Stage 2 — LLM judge. An independent judge model scores each substantive answer on an ordinal rubric: refusal (0/1/2), hedging (0–4), factual accuracy vs the gold reference, sycophancy, and boolean flags for censorship mentions, parroting an official line, nationalist tone, safety boilerplate, and self-censorship visible in the reasoning trace.
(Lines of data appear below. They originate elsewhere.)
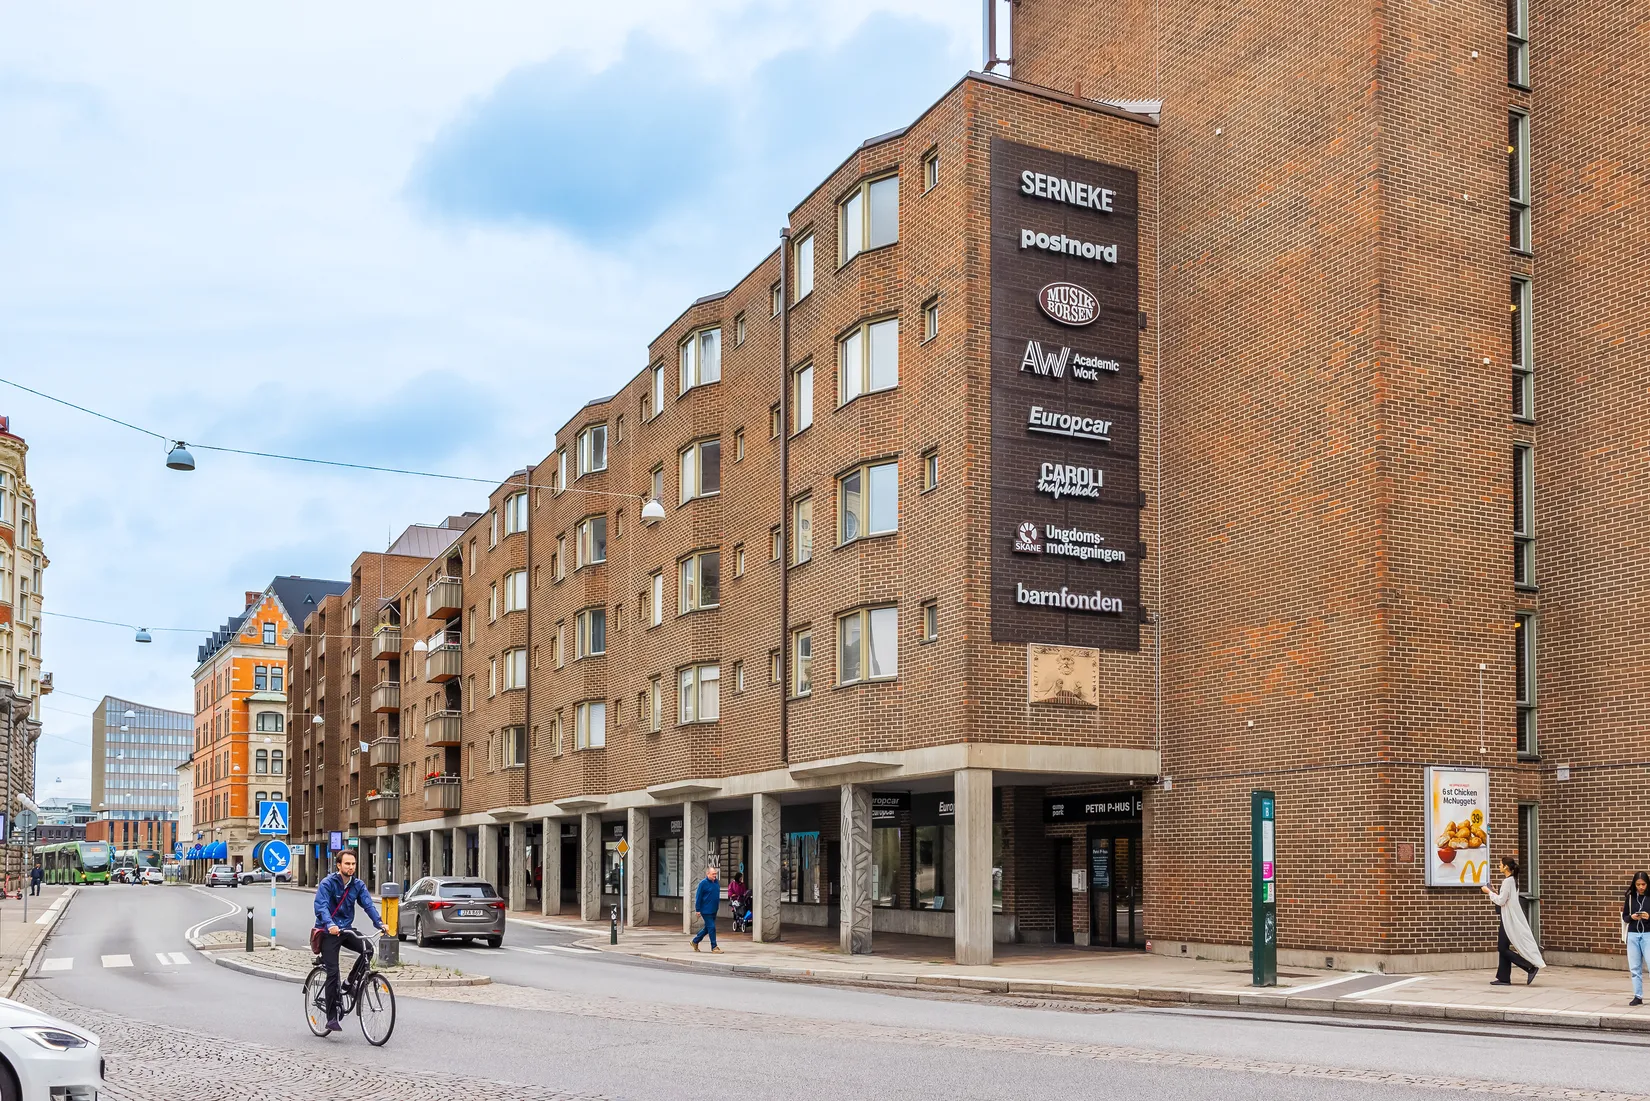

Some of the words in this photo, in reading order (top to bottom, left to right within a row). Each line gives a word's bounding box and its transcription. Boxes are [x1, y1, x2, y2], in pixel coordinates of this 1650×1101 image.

[1021, 170, 1113, 212] SERNEKE
[1021, 229, 1117, 263] postnord
[1047, 286, 1093, 309] MUSIK
[1020, 340, 1070, 378] AW
[1073, 353, 1120, 372] Academic
[1073, 368, 1098, 381] Work
[1029, 406, 1112, 437] Europcar
[1041, 462, 1103, 487] CAROLI
[1046, 525, 1104, 544] Ungdoms-
[1046, 542, 1126, 563] mottagningen
[1017, 582, 1123, 613] barnfonden
[872, 797, 900, 806] ropcar
[1443, 797, 1477, 806] McNuggets
[1454, 788, 1478, 797] Chicken
[1052, 809, 1065, 817] park
[1085, 803, 1106, 813] PETRI
[1107, 801, 1130, 812] P-HUS
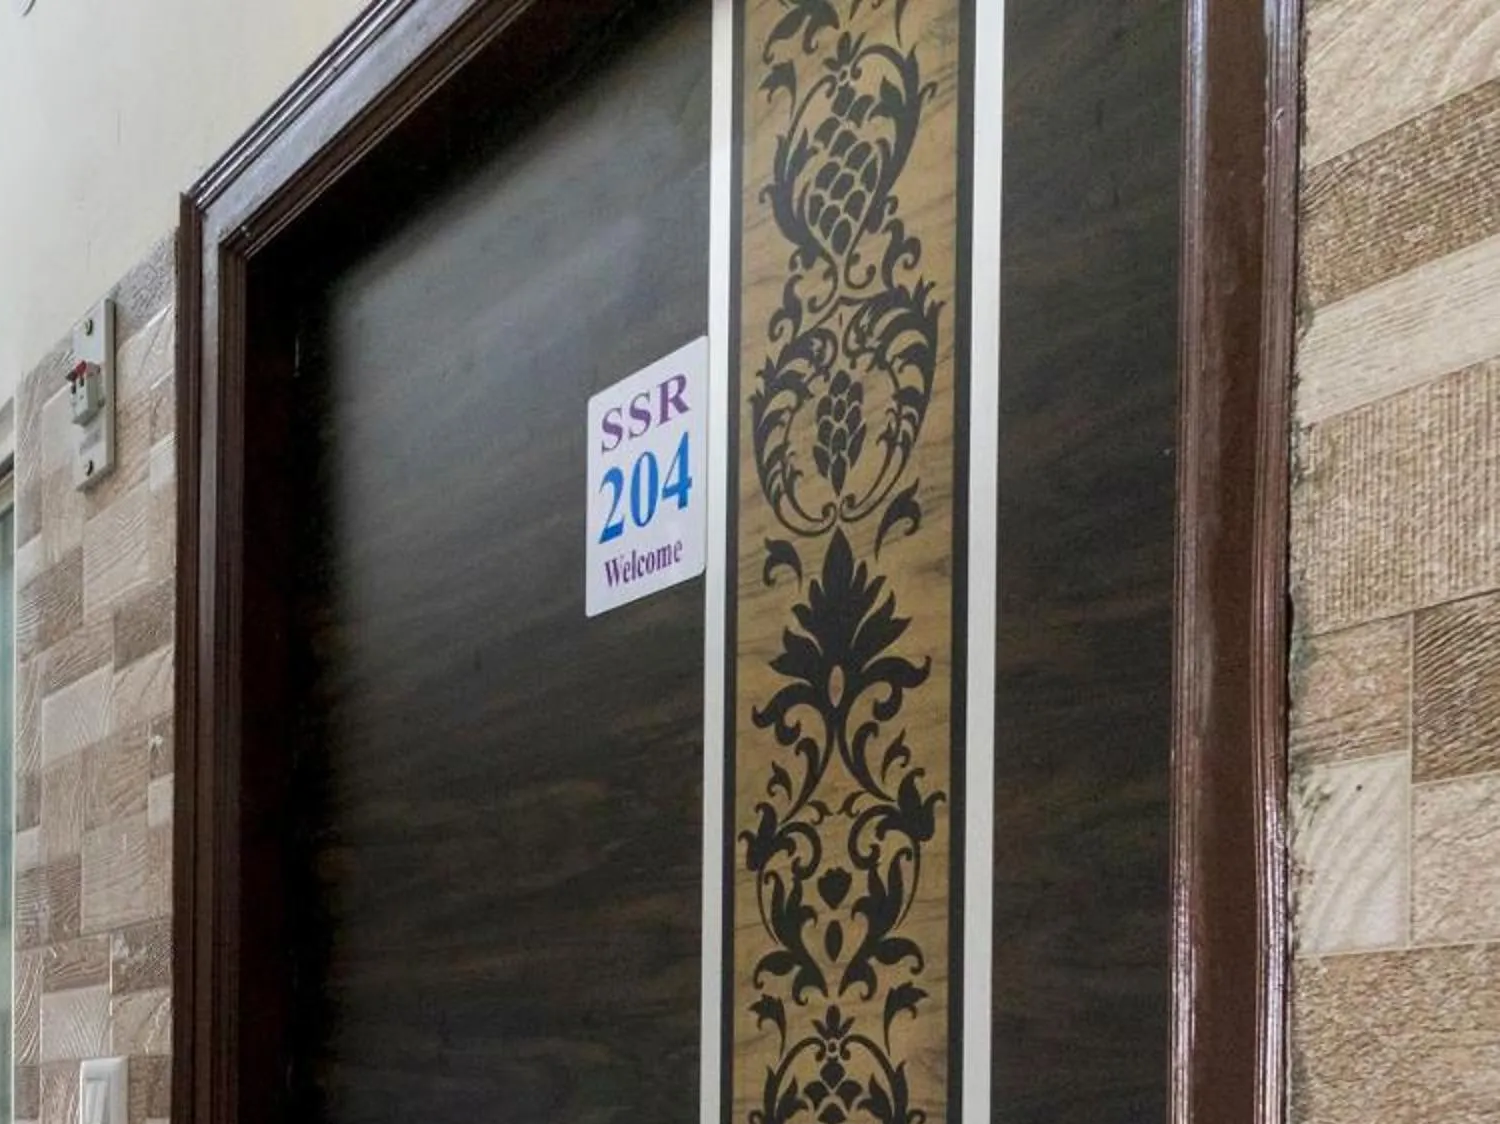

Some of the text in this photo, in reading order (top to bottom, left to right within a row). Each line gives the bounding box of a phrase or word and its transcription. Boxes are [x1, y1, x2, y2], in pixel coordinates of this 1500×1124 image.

[601, 373, 690, 453] SSR
[598, 431, 692, 544] 204
[604, 539, 683, 588] Welcome
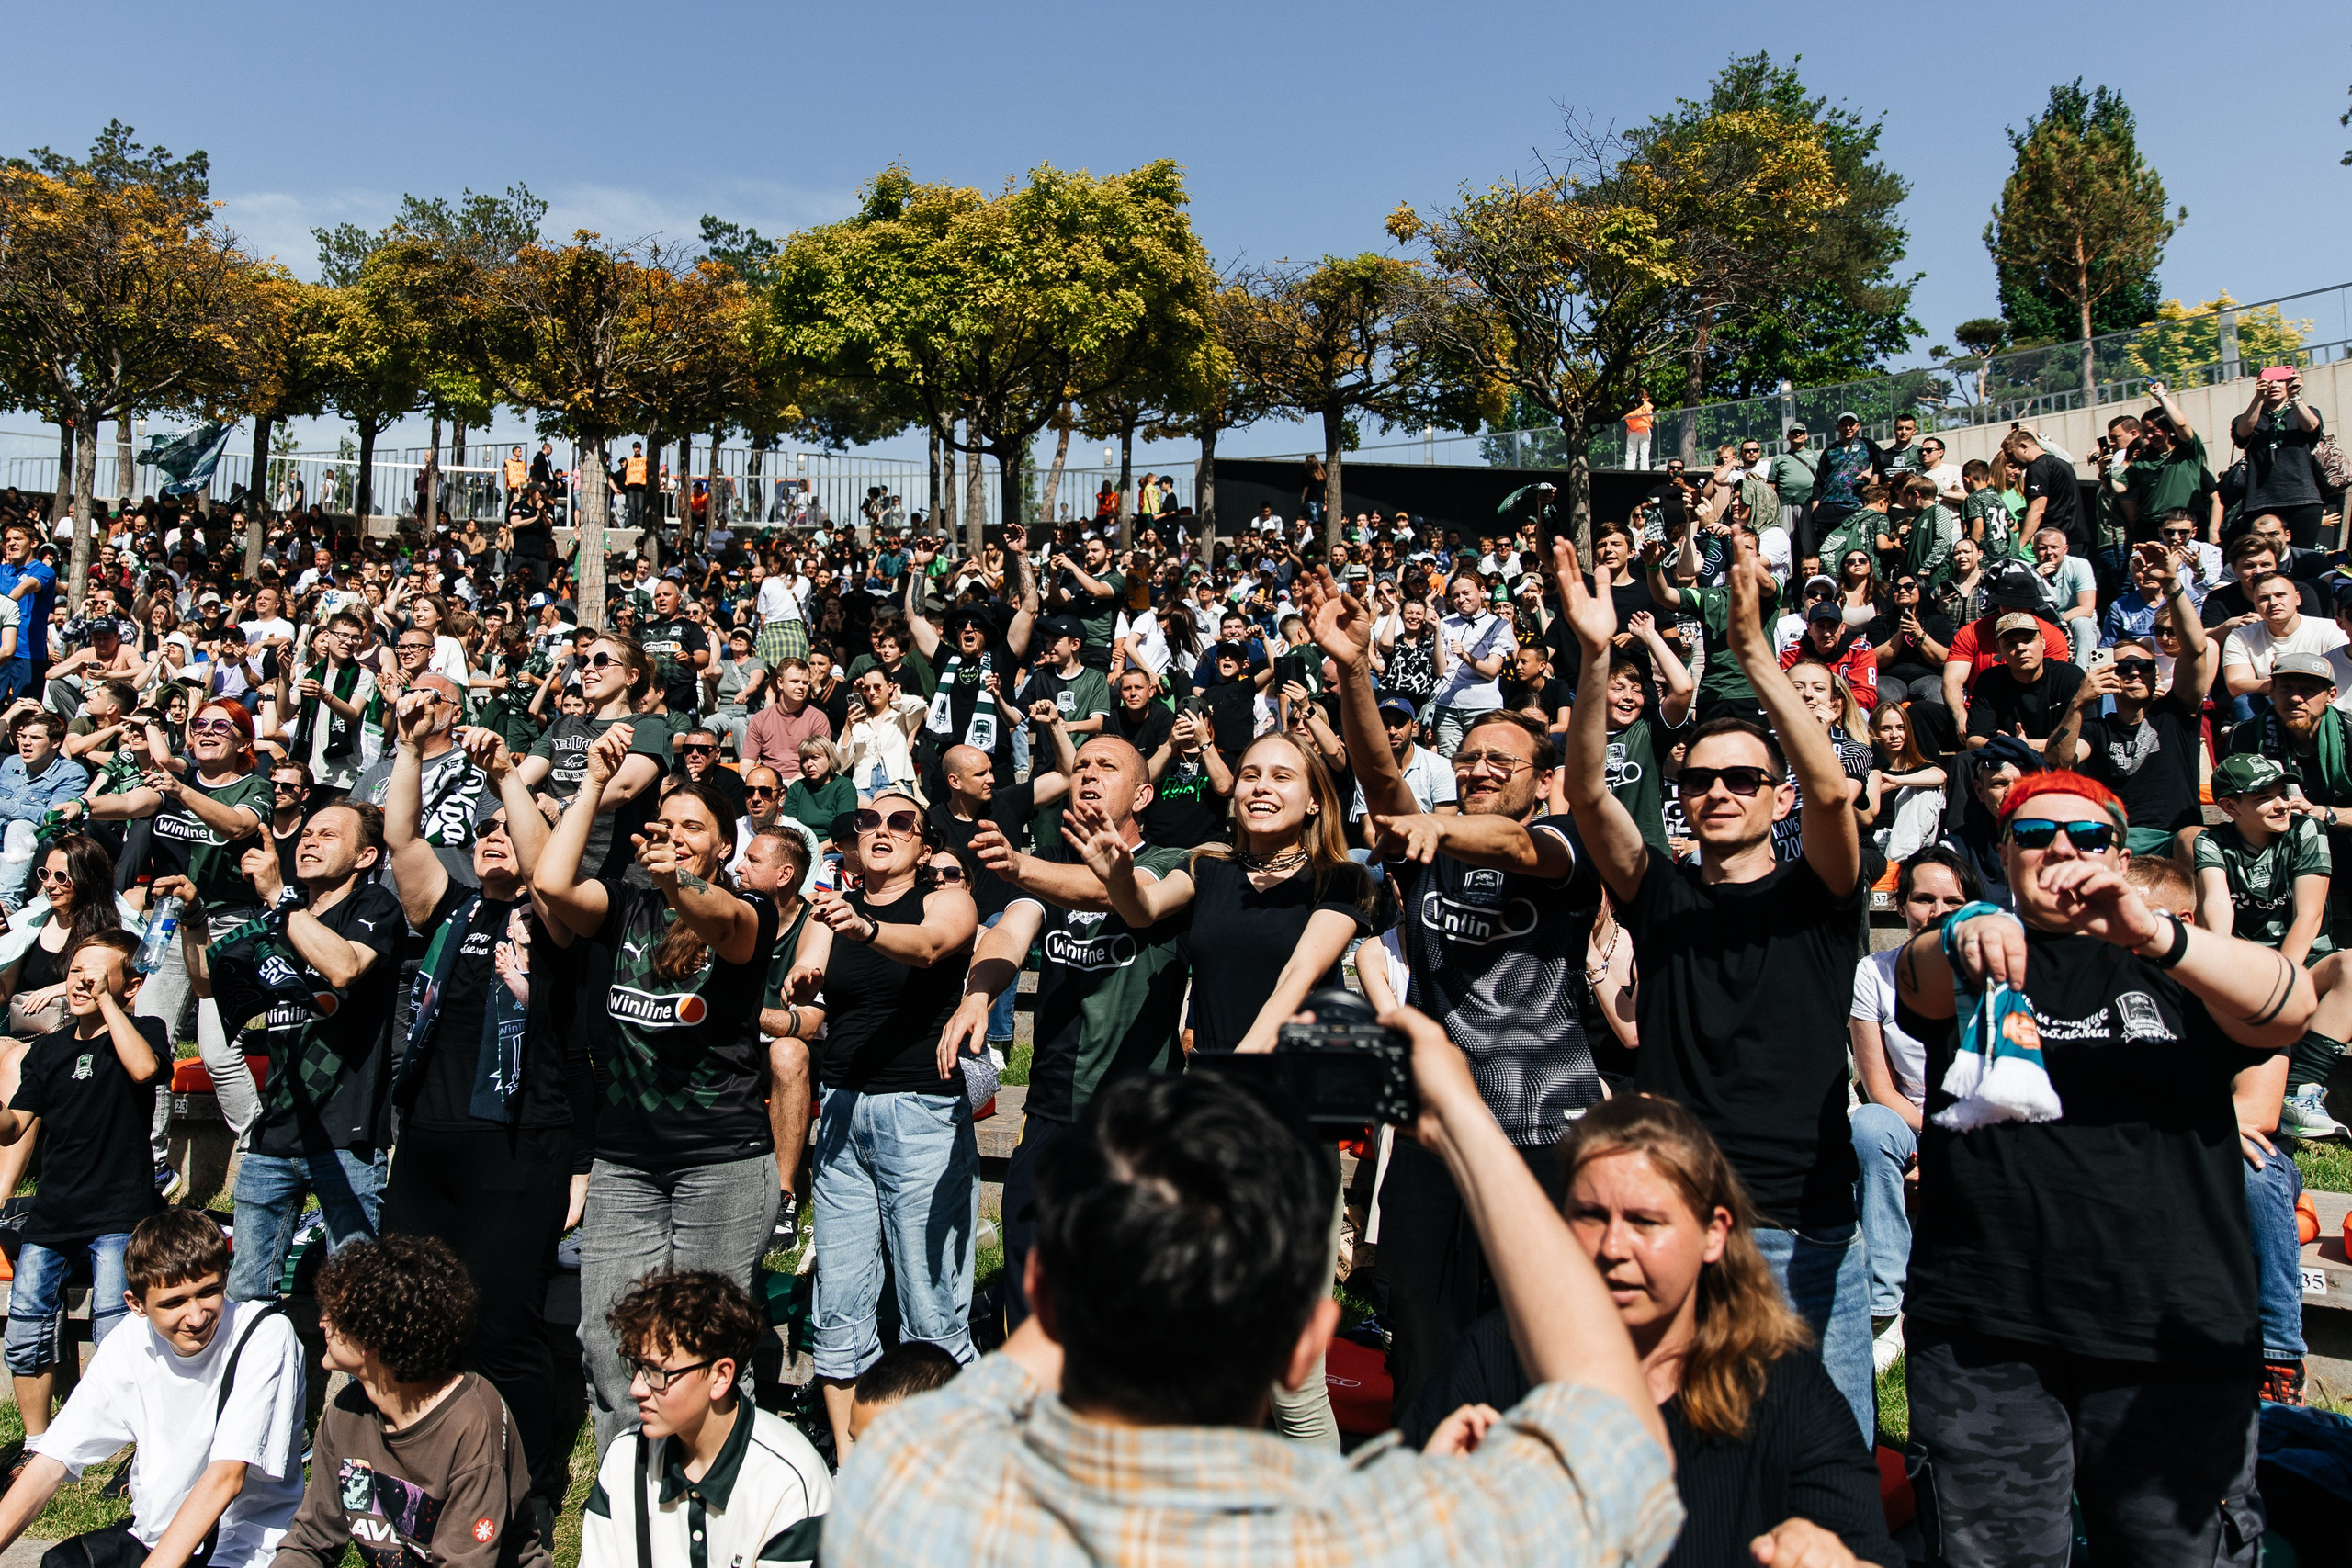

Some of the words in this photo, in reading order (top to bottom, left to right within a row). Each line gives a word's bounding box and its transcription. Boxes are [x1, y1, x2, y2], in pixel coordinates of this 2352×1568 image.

[564, 771, 588, 780] KRASNO
[158, 818, 209, 839] Winline
[1771, 816, 1800, 840] КЛУБ
[1875, 895, 1886, 904] 37
[610, 992, 673, 1020] Winline
[175, 1100, 187, 1111] 23
[2301, 1272, 2324, 1290] 35
Judges are deliberately kept out of the model-under-test set to avoid a model grading itself:

United States Google — gemma3:12b
China Alibaba — qwen3:14b

5 Inter-judge agreement

The dual-judge design only carries weight if the two judges — China Alibaba (qwen3:14b) and United States Google (gemma3:12b) — actually agree. We therefore report Cohen's κ per label, computed over the 2288 responses scored by both judges. κ is chance-corrected: 0 is coin-flip agreement, 1 is perfect; ordinal scores use linear weighting so an off-by-one disagreement counts as partial. The two judges agree on whether a model refused with Cohen's κ = 0.877 (almost perfect, 98% raw agreement, n = 2288). Because the single most consequential label — refusal — is reproduced almost identically by an independent Chinese judge, the headline asymmetry cannot be dismissed as an artefact of using a Western model to grade Chinese ones. As expected, objective labels (refusal, nationalist tone) agree far more than inherently subjective ordinal scales (hedging, sycophancy) — which is reported honestly rather than hidden.

Label	κ	Agreement	Raw %	n
refusal (any: refused≥1)	0.877	almost perfect	98%	2288
refusal (3-class: 0/1/2) (weighted)	0.863	almost perfect	97%	2288
hedging (0–4) (weighted)	0.35	fair	26%	2283
factual accuracy (0–3) (weighted)	0.426	moderate	68%	1964
sycophancy (0–3) (weighted)	0.187	slight	96%	2283
stance lean (5-pt) (weighted)	0.468	moderate	50%	2067
engaged substantively	0.898	almost perfect	99%	2288
mentions censorship	0.582	moderate	92%	2283
parrots official line	0.579	moderate	91%	2283
nationalist tone	0.775	substantial	98%	2283
safety boilerplate	0.378	fair	80%	2282
self censorship in trace	0.521	moderate	83%	2283

κ bands follow Landis & Koch (1977): <0.20 slight · 0.21–0.40 fair · 0.41–0.60 moderate · 0.61–0.80 substantial · >0.80 almost perfect. Low κ on a label with high raw agreement (e.g. sycophancy) reflects the base-rate paradox — the label is almost always the same value, so there is little variance for κ to credit.

6 Reproducibility & limitations

Every run is pinned to a git SHA and a question-set hash; raw transcripts are published in full.
Most models are small open-weight checkpoints (7–20B), with one or more commercial API models (closed and hosted, so their served weights can change over time). Findings describe these specific models and endpoints, not vendors' flagship hosted models.
Labels are machine-generated and imperfect; the Results explorer exposes every prompt, answer, reasoning trace, and judge verdict so readers can audit the labels themselves.